Wisconsin defenseman Dan Boeser hopes to be in the lineup for the Badgers’ Oct. 11 opener against Rensselaer despite undergoing treatment for cancer.
Boeser has been diagnosed as having follicular B-cell lymphoma and is receiving radiation therapy. The 22-year-old from Savage, Minn., has completed four of 20 radiation sessions and should finish that schedule of treatments around the middle of September.
“After that, I’m going to have about three to three-and-a-half weeks before our first game,” Boeser said. “So I’m just going to see how I feel after the treatments and try to get myself back in shape. It’ll be up to the three coaches [to say] whether or not I’m ready to play.
“As of right now, I don’t plan on missing any games.”
Boeser got the diagnosis a month ago. He had been treated for kidney stones twice in the last 15 months, which prompted Dr. Tom Best, the physician who works with the Badgers hockey team, to suggest further tests.
A CT scan showed enlarged lymph nodes in Boeser’s lower pelvis, and a biopsy of one of his lymph nodes provided the diagnosis.
“It was hard to hear that,” Boeser said of the cancer diagnosis at a news conference on Monday. “You don’t really think you can actually get it. You hear the doctors tell you, ‘You got it’ and I just kind of said, ‘Whatever, I got it, just deal with it.’
“You can’t really feel sorry for yourself, you just have to go through the treatments and get it over with. That’s all you can do.”

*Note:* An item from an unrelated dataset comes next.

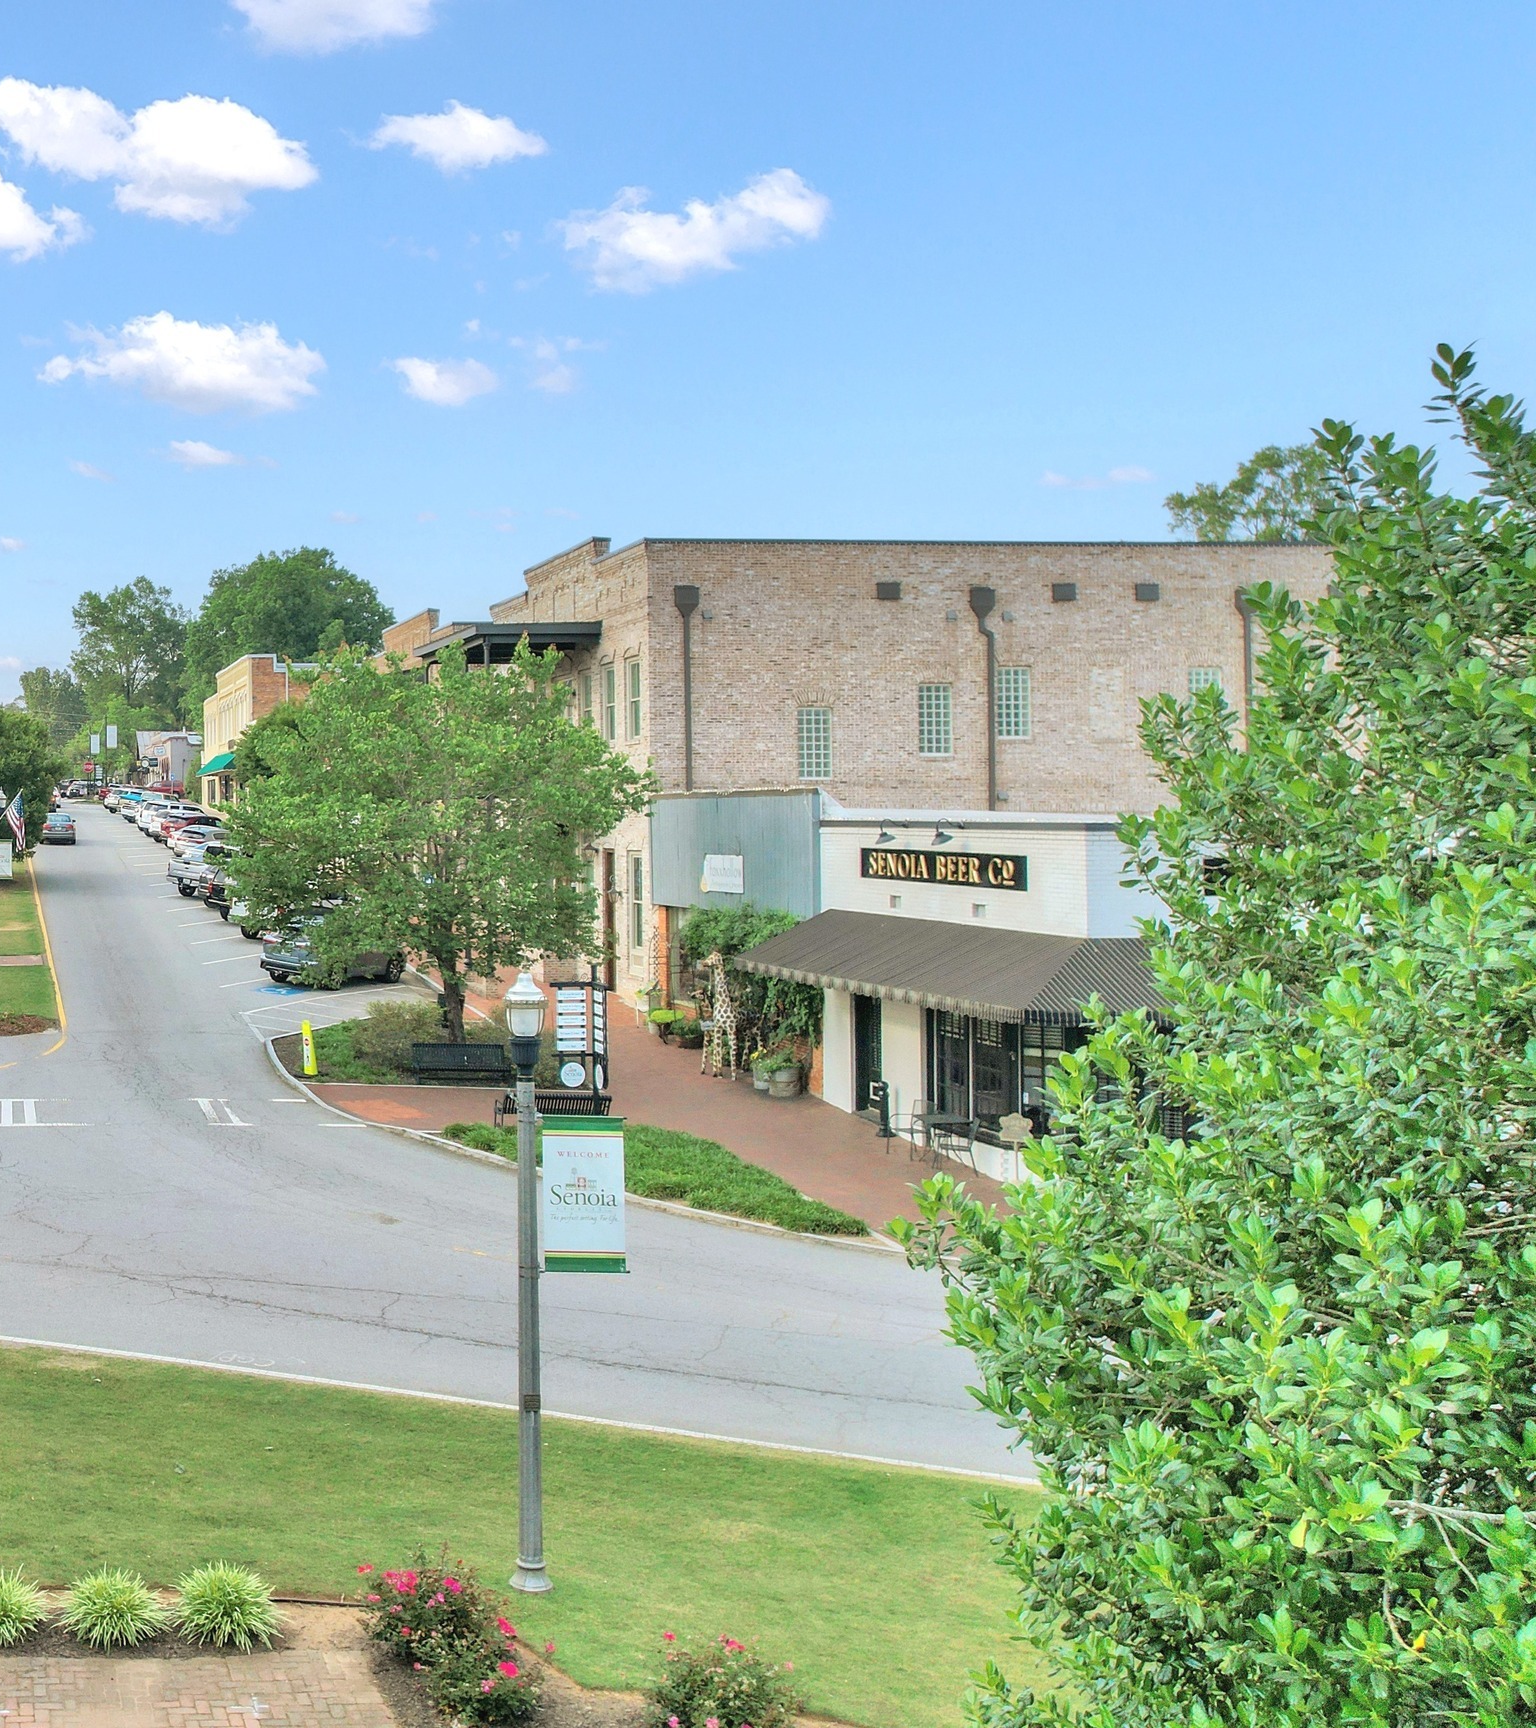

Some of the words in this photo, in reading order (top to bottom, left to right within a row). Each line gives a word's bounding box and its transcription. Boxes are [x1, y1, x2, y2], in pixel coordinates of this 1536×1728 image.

Boeser is one of a number of people closely associated with college hockey to have been diagnosed with cancer in recent years. Maine coach Shawn Walsh lost his battle with a rare form of the disease last September.
Merrimack coach Chris Serino has received a clean bill of health after fighting throat cancer. Serino, who has been rumored to be a candidate to become the school’s interim athletics director, will be back behind the bench full time this season after missing much of the 2001-02 season.
RIT captain Kristine Pierce won the Hockey Humanitarian Award in 1999 after beating Hodgkin’s disease and returning to the ice.
Boeser, who will be a junior at Wisconsin in the fall, has played in all 80 games in his two seasons in Madison. He was selected for the WCHA all-star team that was to travel to Italy last month, but that trip was canceled because of security concerns.
He led Badgers defensemen in scoring last season with 28 points.
The radiation treatments have thrown off Boeser’s offseason training schedule to the point where he won’t be ready for the five-mile run new Wisconsin coach Mike Eaves has scheduled for his team as a measure of fitness. “But when the time comes,” Boeser said, “I’ll have to be ready, I guess.”
Through it all, Boeser’s attitude has shined through to Eaves.
“I think Danny’s whole attitude is something we want all of our players to have,” Eaves said. “Control the things you can control in life. And right now he’s been given this challenge and he’s meeting it head on and he’s going to give himself the best chance of getting back in the lineup as soon as he can with that type of attitude.
“It’s a lesson that’s kind of slapped Danny in his face, but it’s one that all of his teammates can learn from, I’m sure.”